— Task —
Transcribe the listing below exactly, leaving out each image.

Provided data START

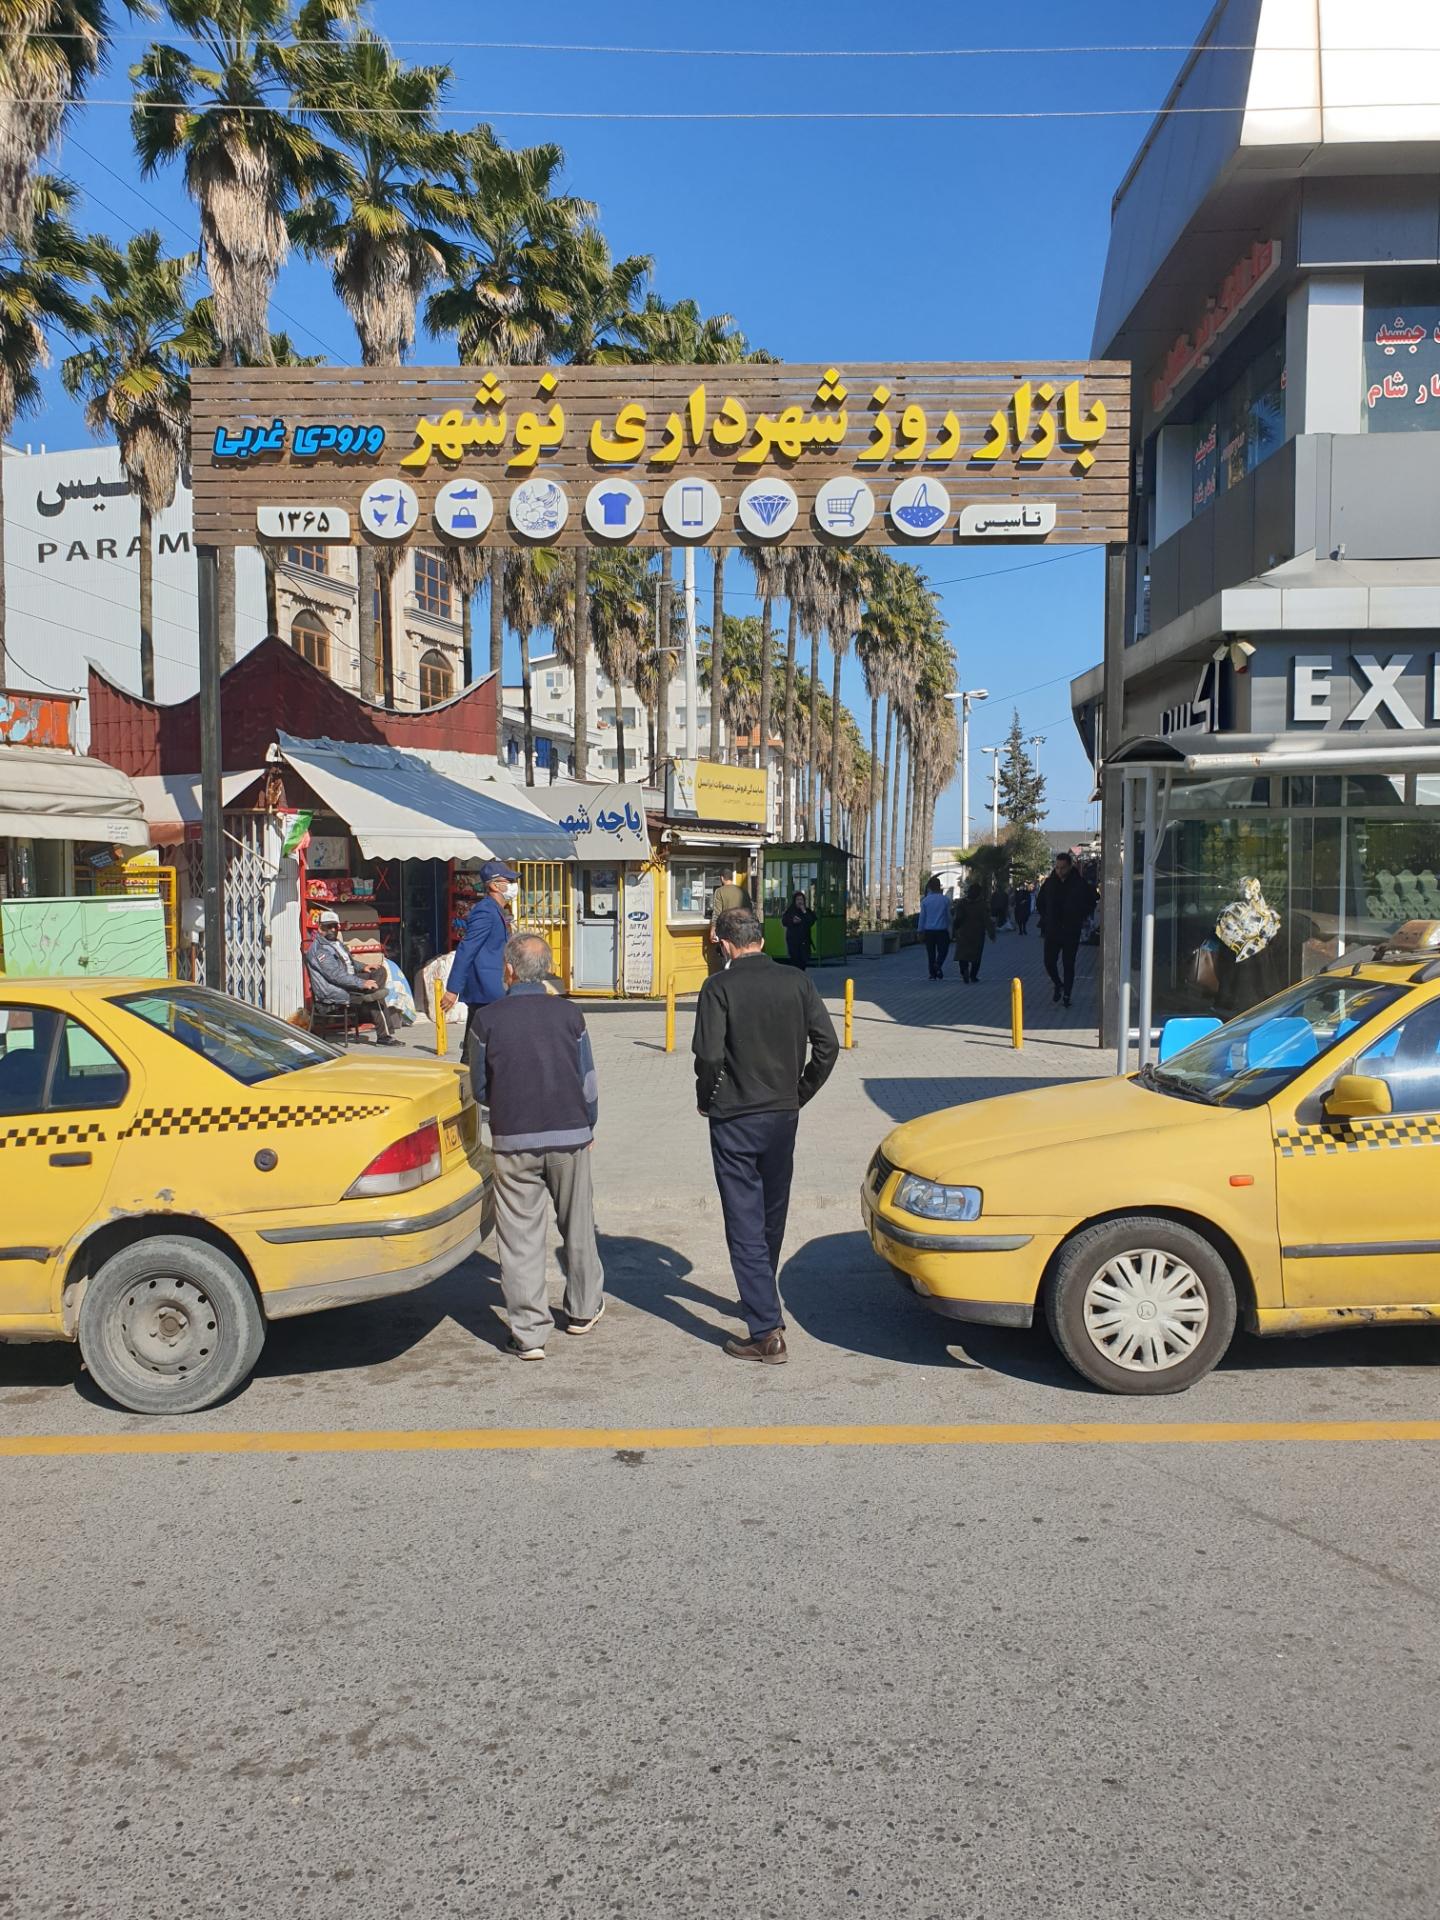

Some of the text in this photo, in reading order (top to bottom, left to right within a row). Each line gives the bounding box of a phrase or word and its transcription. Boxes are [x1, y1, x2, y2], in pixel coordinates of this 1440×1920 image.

[1367, 371, 1408, 408] شام
[401, 371, 566, 467] نوشهر
[590, 368, 848, 463] شهرداری
[858, 385, 960, 461] روز
[973, 380, 1107, 469] بازار
[213, 419, 385, 459] ورودی غربی
[277, 511, 331, 534] ۱۳۶۵
[973, 505, 1042, 534] تأسیس
[595, 802, 643, 840] باجه
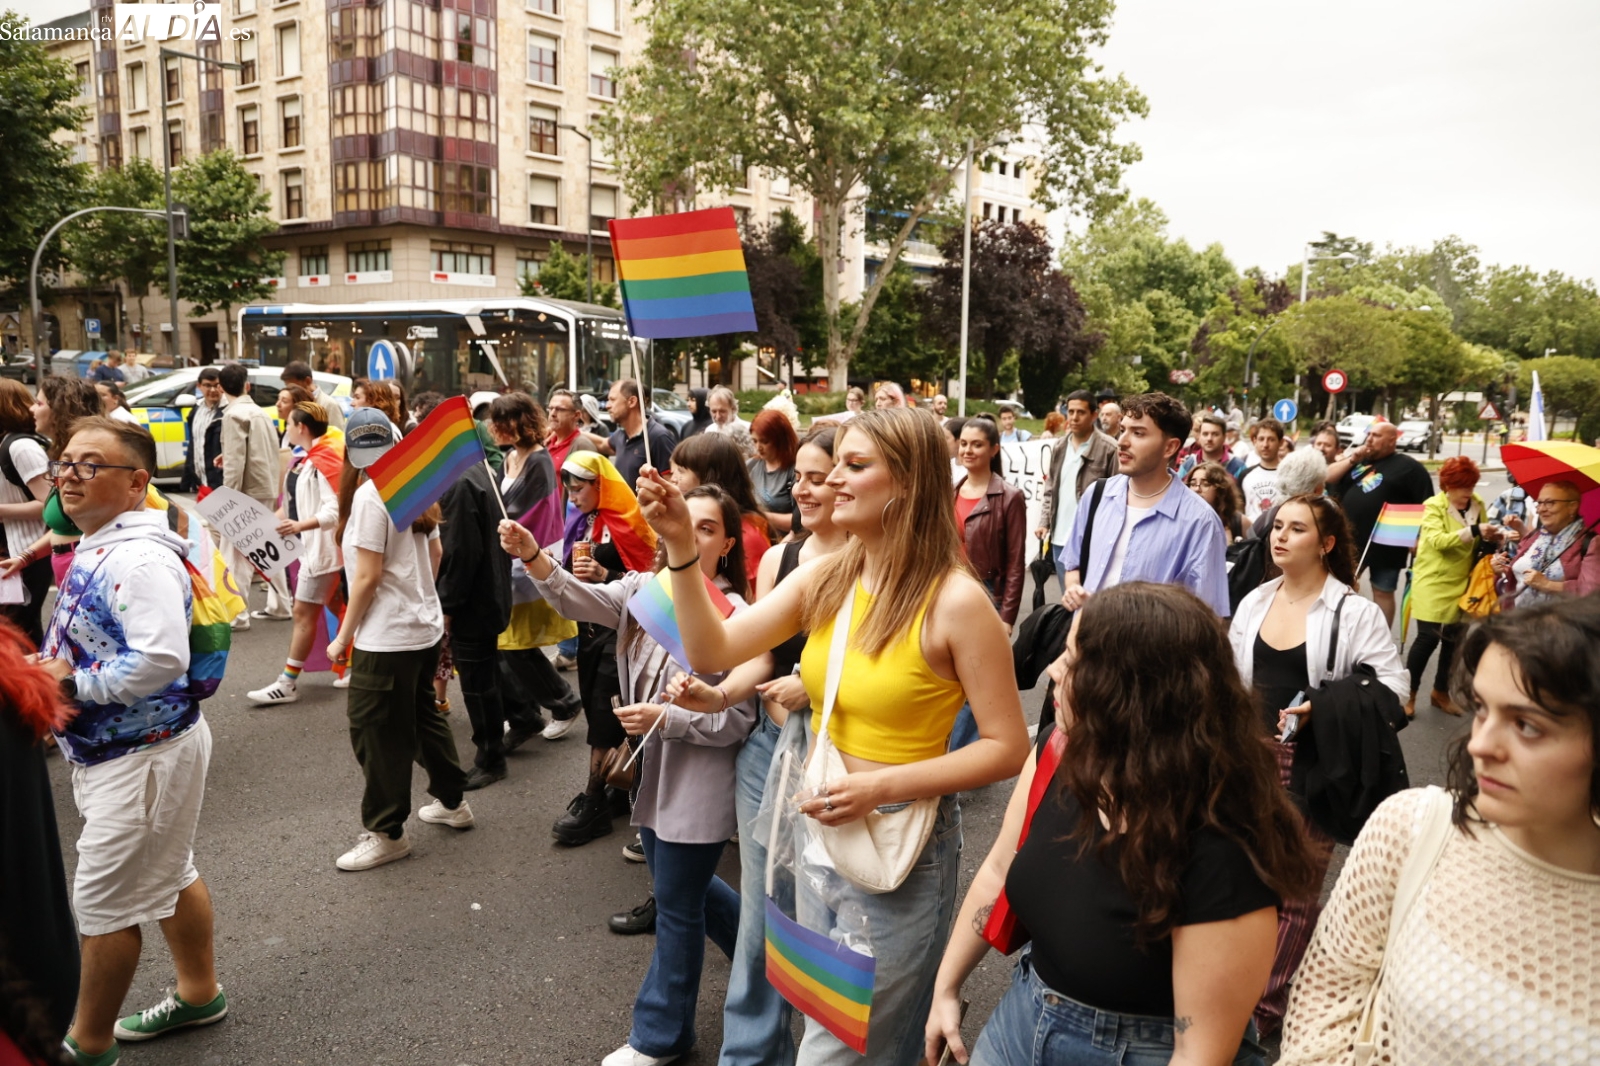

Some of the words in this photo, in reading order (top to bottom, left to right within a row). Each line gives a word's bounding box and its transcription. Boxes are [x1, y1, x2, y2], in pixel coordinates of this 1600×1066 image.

[89, 321, 97, 331] P
[1328, 376, 1342, 385] 30
[223, 506, 263, 538] GUERRA
[236, 527, 264, 550] ROPIO

Provided data END

— The answer —
Some of the text in this photo, in reading order (top to bottom, left to right within a row). Each line gives the bounding box of a phrase or word and its transcription. Boxes are [x1, y1, x2, y2], in pixel coordinates of this 1440×1920 image.

[1367, 371, 1408, 408] شام
[401, 371, 566, 467] نوشهر
[590, 368, 848, 463] شهرداری
[858, 385, 960, 461] روز
[973, 380, 1107, 469] بازار
[213, 419, 385, 459] ورودی غربی
[277, 511, 331, 534] ۱۳۶۵
[973, 505, 1042, 534] تأسیس
[595, 802, 643, 840] باجه

Some of the words in this photo, in reading order (top to bottom, left to right within a row). Each line gives a word's bounding box and its transcription. Boxes are [x1, y1, x2, y2], in pixel coordinates of this 1600×1066 image.

[89, 321, 97, 331] P
[1328, 376, 1342, 385] 30
[223, 506, 263, 538] GUERRA
[236, 527, 264, 550] ROPIO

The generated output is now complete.